Sortable version of Table:Climate in Middle East citieshttps://mywikibiz.com/Table:Climate_in_Middle_East_cities, using smn to specify numeric sort mode:

City January
(Low)
January
(High)
July
(Low)
July
(High)
Amman 4°Csm=n 12°Csm=n 18°Csm=n 32°Csm=n
Baghdad 0°Csm=n 16°Csm=n 24°Csm=n 43°Csm=n
Cairo 8°Csm=n 18°Csm=n 21°Csm=n 36°Csm=n
Damascus 0°Csm=n 12°Csm=n 16°Csm=n 36°Csm=n
Dubai 15°Csm=n 23°Csm=n 30°Csm=n 39°Csm=n
Jerusalem 5°Csm=n 13°Csm=n 17°Csm=n 31°Csm=n
Riyadh 8°Csm=n 21°Csm=n 26°Csm=n 42°Csm=n
Tehran -3°Csm=n 7°Csm=n 22°Csm=n 37°Csm=n

Additional features

Excluding the last row from sorting

Sometimes it is helpful to exclude the last row of a table from the sorting process.

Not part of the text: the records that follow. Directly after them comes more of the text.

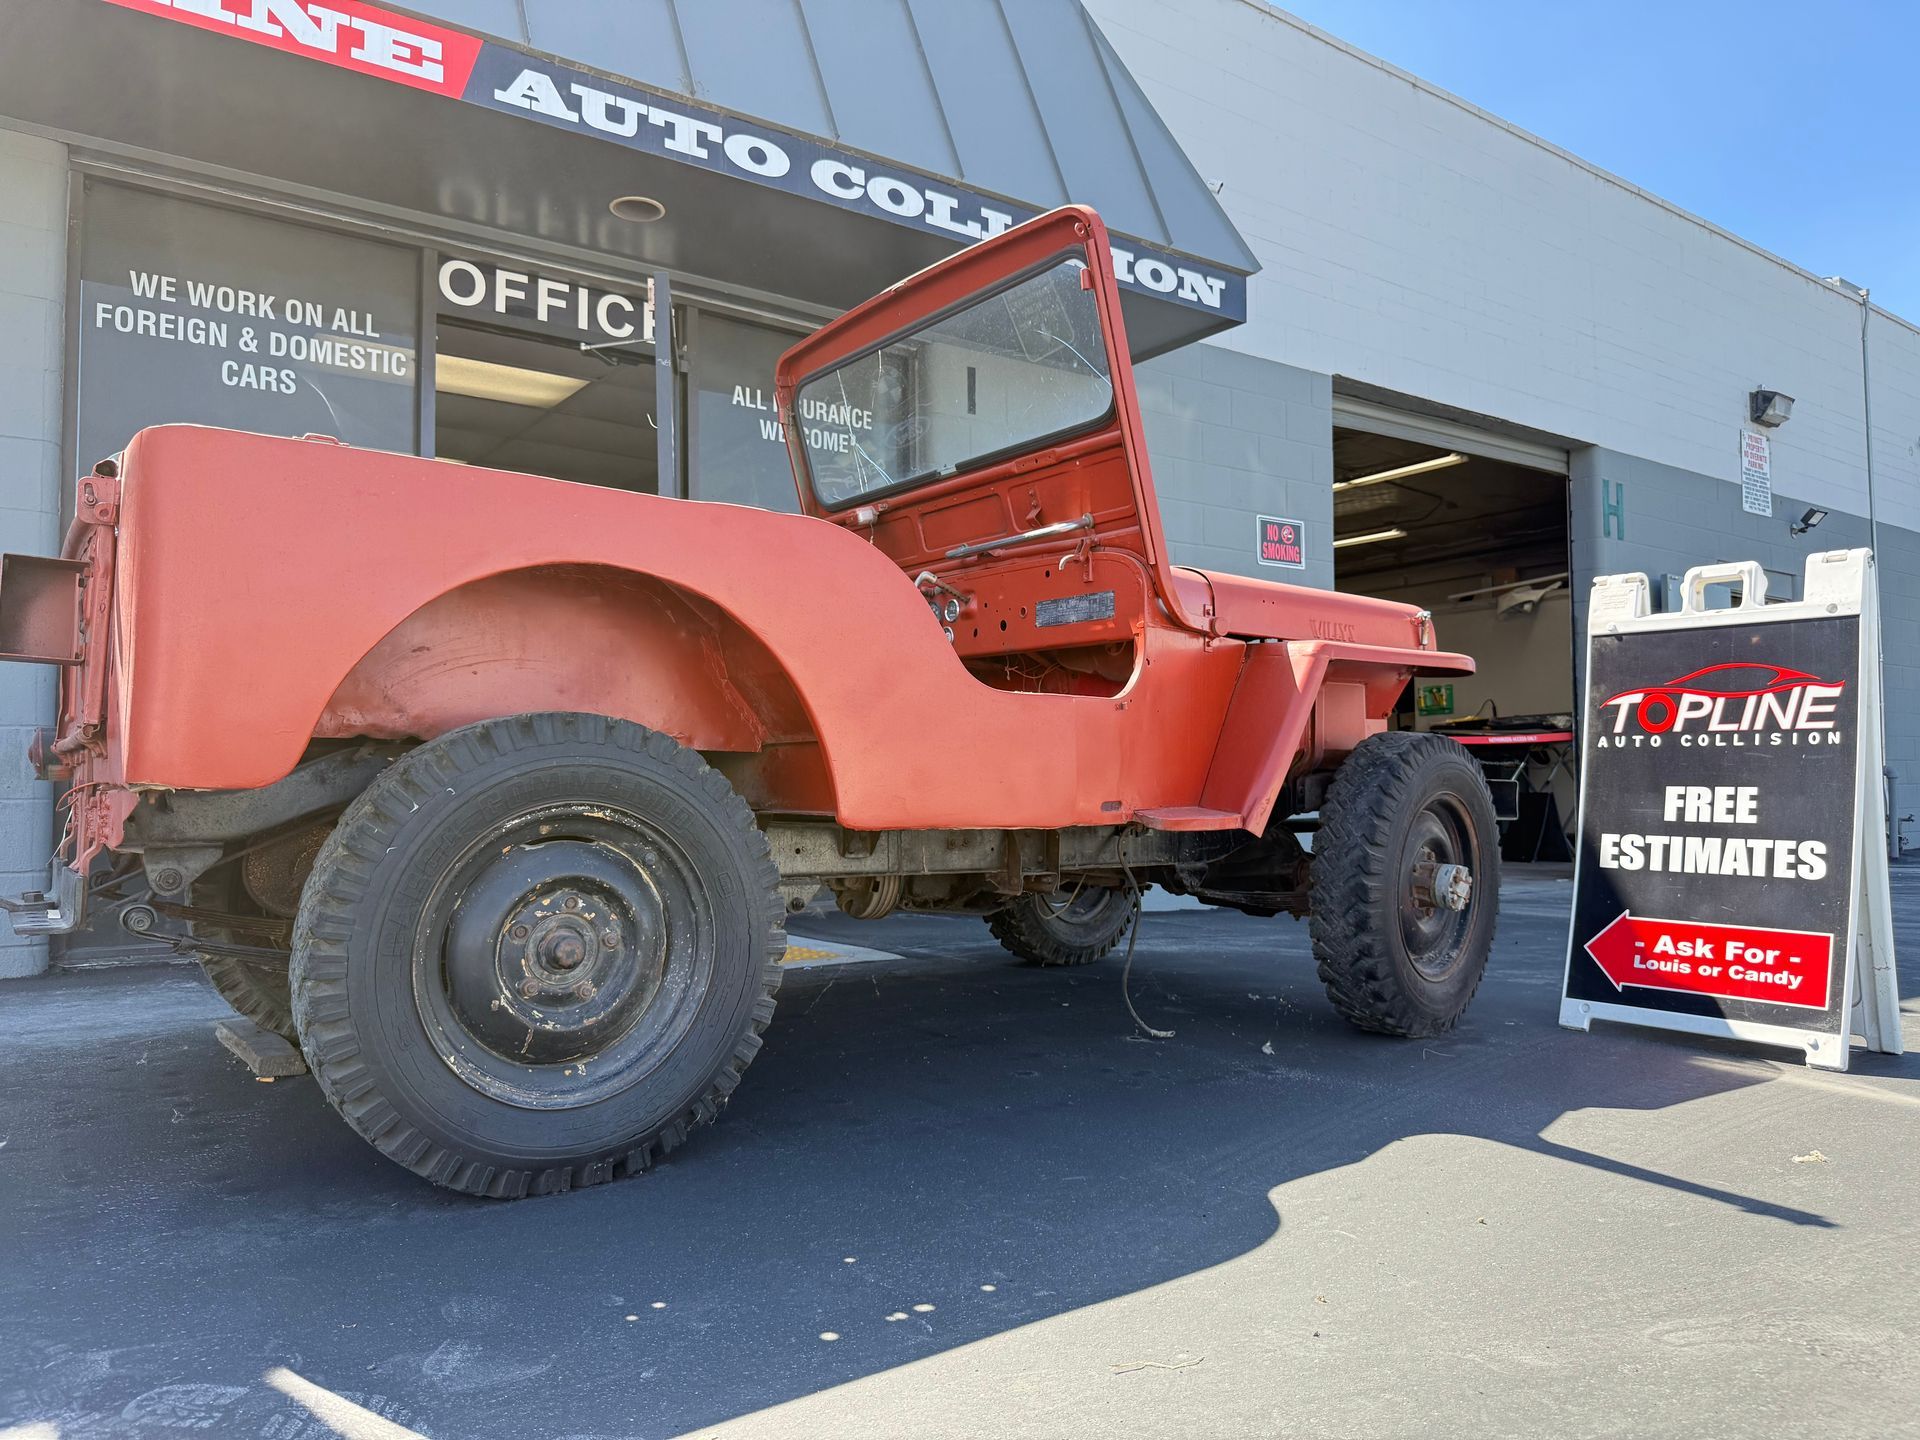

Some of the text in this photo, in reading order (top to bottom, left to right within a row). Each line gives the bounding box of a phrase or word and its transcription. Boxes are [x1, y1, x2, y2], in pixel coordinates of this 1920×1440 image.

[493, 68, 791, 178] AUTO
[810, 158, 1226, 309] COLION
[129, 270, 381, 338] WE WORK ON ALL
[96, 302, 407, 377] FOREIGN & DOMESTIC
[221, 360, 297, 395] CARS
[731, 384, 873, 430] ALL IURANCE
[759, 418, 849, 454] WEOME
[1602, 479, 1624, 540] H
[1263, 541, 1300, 563] SMOKING
[1267, 524, 1279, 541] NO
[1606, 684, 1842, 734] TOPLINE
[1597, 731, 1841, 748] AUTO COLLISION
[1663, 785, 1759, 824] FREE
[1599, 833, 1828, 881] ESTIMATES
[1653, 934, 1715, 959] Ask
[1725, 941, 1781, 965] For
[1634, 954, 1804, 990] Louis or Candy
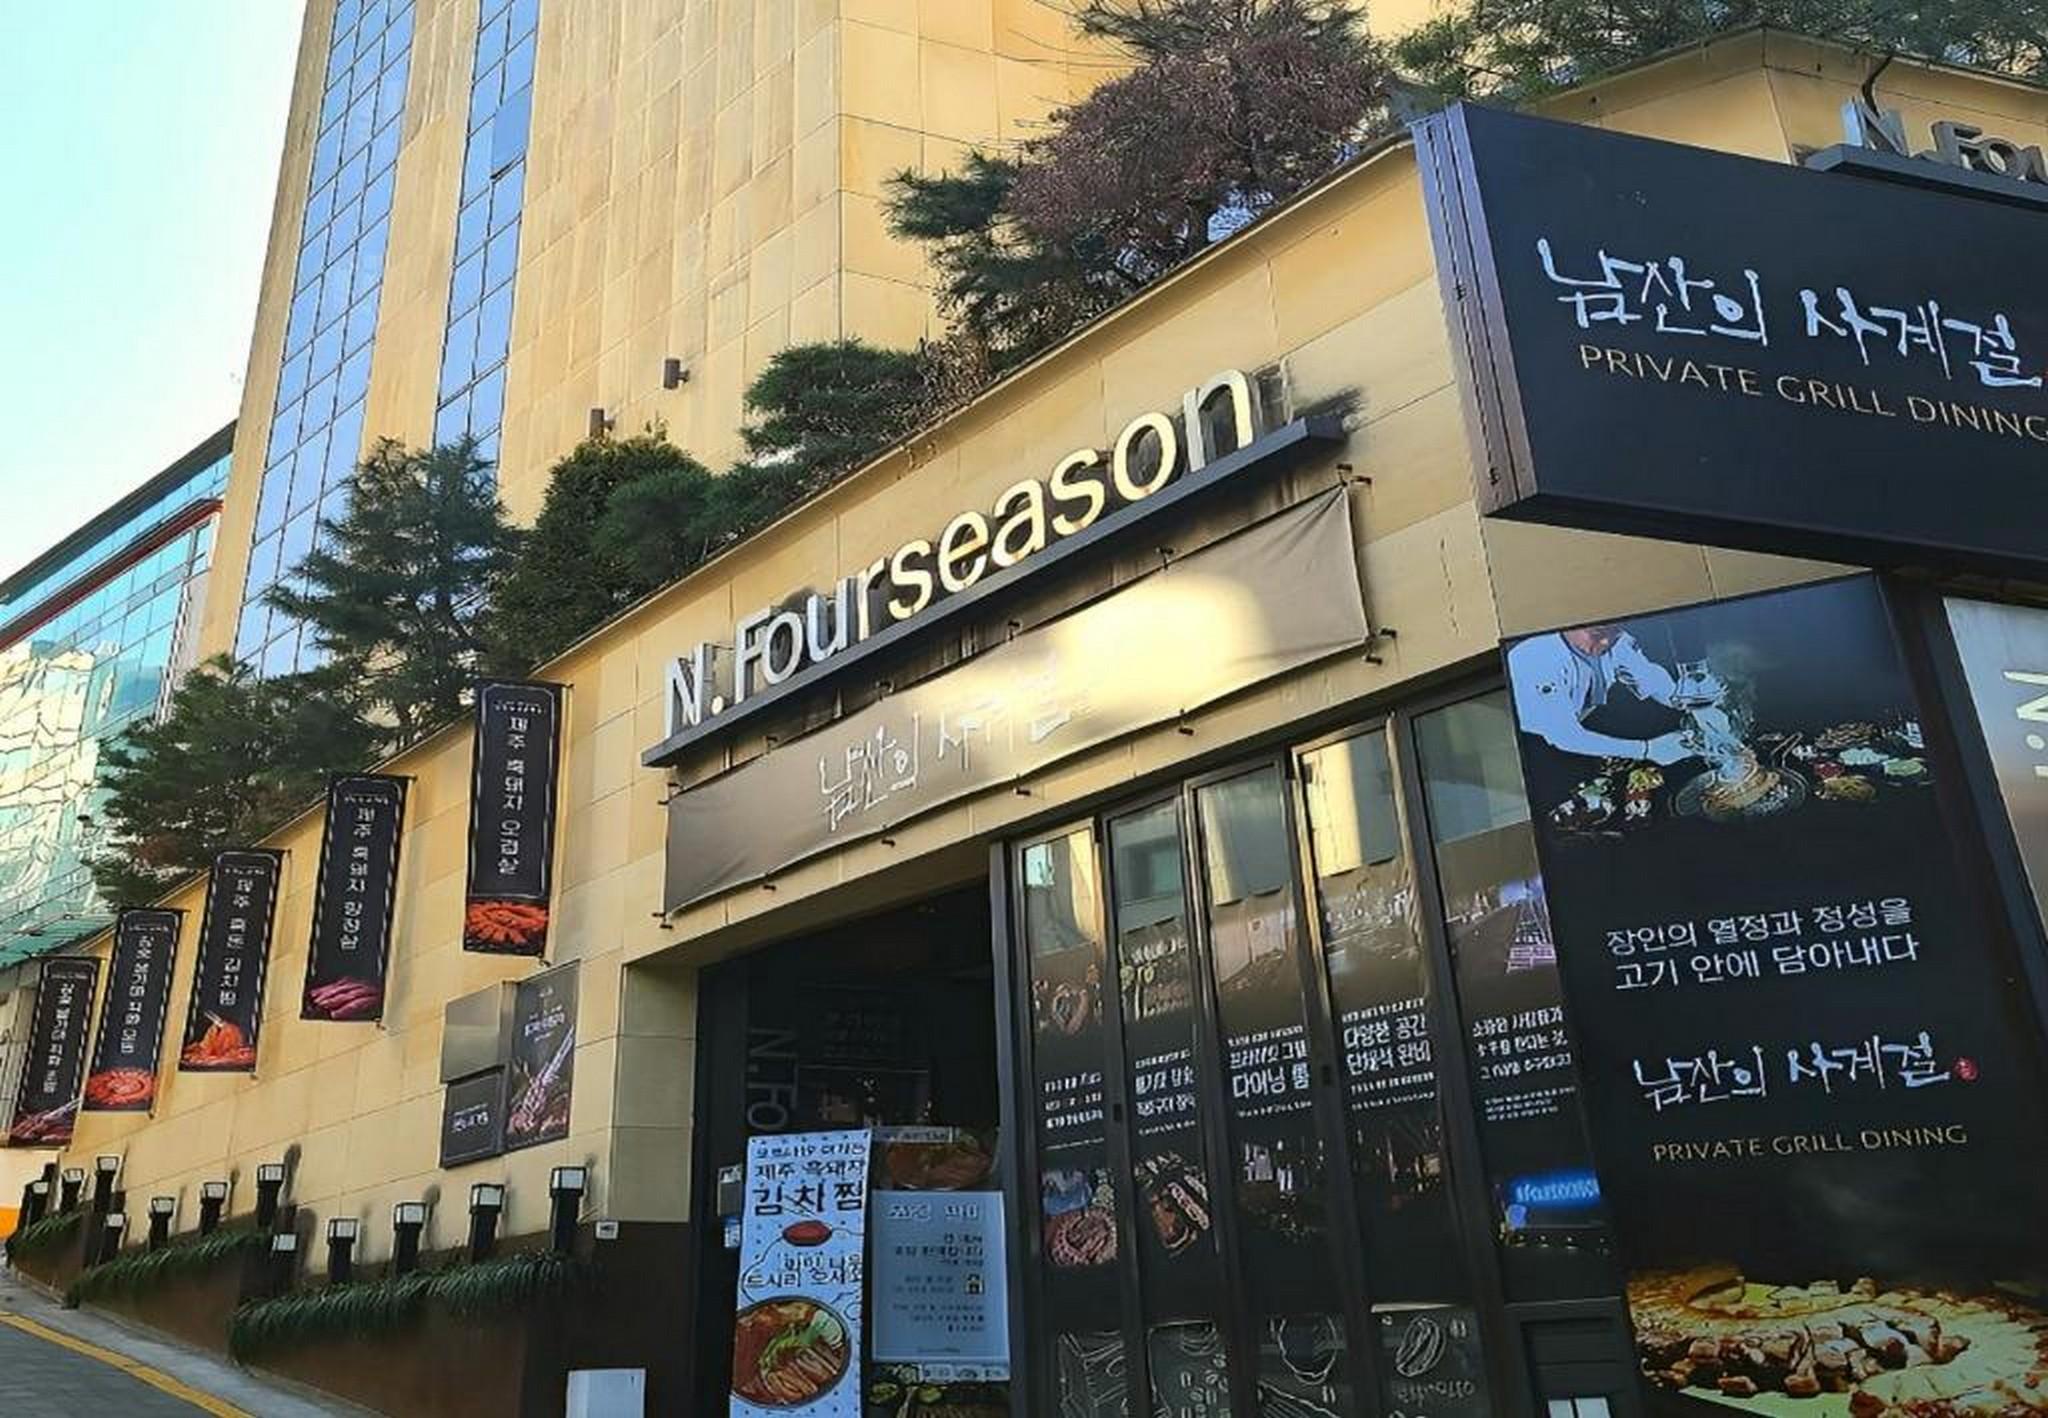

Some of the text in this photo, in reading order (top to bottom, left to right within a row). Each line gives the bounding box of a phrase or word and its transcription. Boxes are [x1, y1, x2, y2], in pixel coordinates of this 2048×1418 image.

This can be achieved using class="sortbottom" on the desired table row (line starting with |-).

Wiki markup

{|class="wikitable sortable"
!Name!!Surname!!Height
|-
|John||Smith||1.85
|-
|Ron||Ray||1.89
|-
|Mario||Bianchi||1.72
|-class="sortbottom"
|||Average:||1.82
|}

What it looks like in your browser

Name Surname Height
John Smith 1.85
Ron Ray 1.89
Mario Bianchi 1.72
Average: 1.82

Issues

Please note that only one row can be marked with class="sortbottom". Doing otherwise results in the marked rows being sorted with each other, which usually is not the intended behavior.

Wrong - using more than one "sortbottom"
Name Surname Height
John Smith 1.85
Ron Ray 1.89
Average: 1.82
Name Surname Height

Making a column unsortable

If you want a specific column not to be sortable, specify class="unsortable" in the attributes of its header cell.

Wiki markup

{|class="wikitable sortable"
!Numbers!!Alphabet!!Dates!!Currency!!class="unsortable"|Unsortable
|-
|1||Z||02-02-2004||5.00||This
|-
|2||y||13-apr-2005||||Column
|-
|3||X||17.aug.2006||6.50||Is
|-
|4||w||01.Jan.2005||4.20||Unsortable
|-
|5||V||05/12/2006||7.15||See?
|-class="sortbottom"
!Total: 15!!!!!!Total: 29.55!!
|-
|}

What it looks like in your browser

Numbers Alphabet Dates Currency Unsortable
1 Z 02-02-2004 5.00 This
2 y 13-apr-2005 Column
3 X 17.aug.2006 6.50 Is
4 w 01.Jan.2005 4.20 Unsortable
5 V 05/12/2006 7.15 See?
Total: 15 Total: 29.55 Original example

Sorting with hidden sortkey

If necessary one can apply sorting using a sortkey which due to CSS is not displayed:

<span style="display:none">...</span>

(However, on some projects, notably Ontoworld, a page with this wikitext cannot be saved, as spam protection.)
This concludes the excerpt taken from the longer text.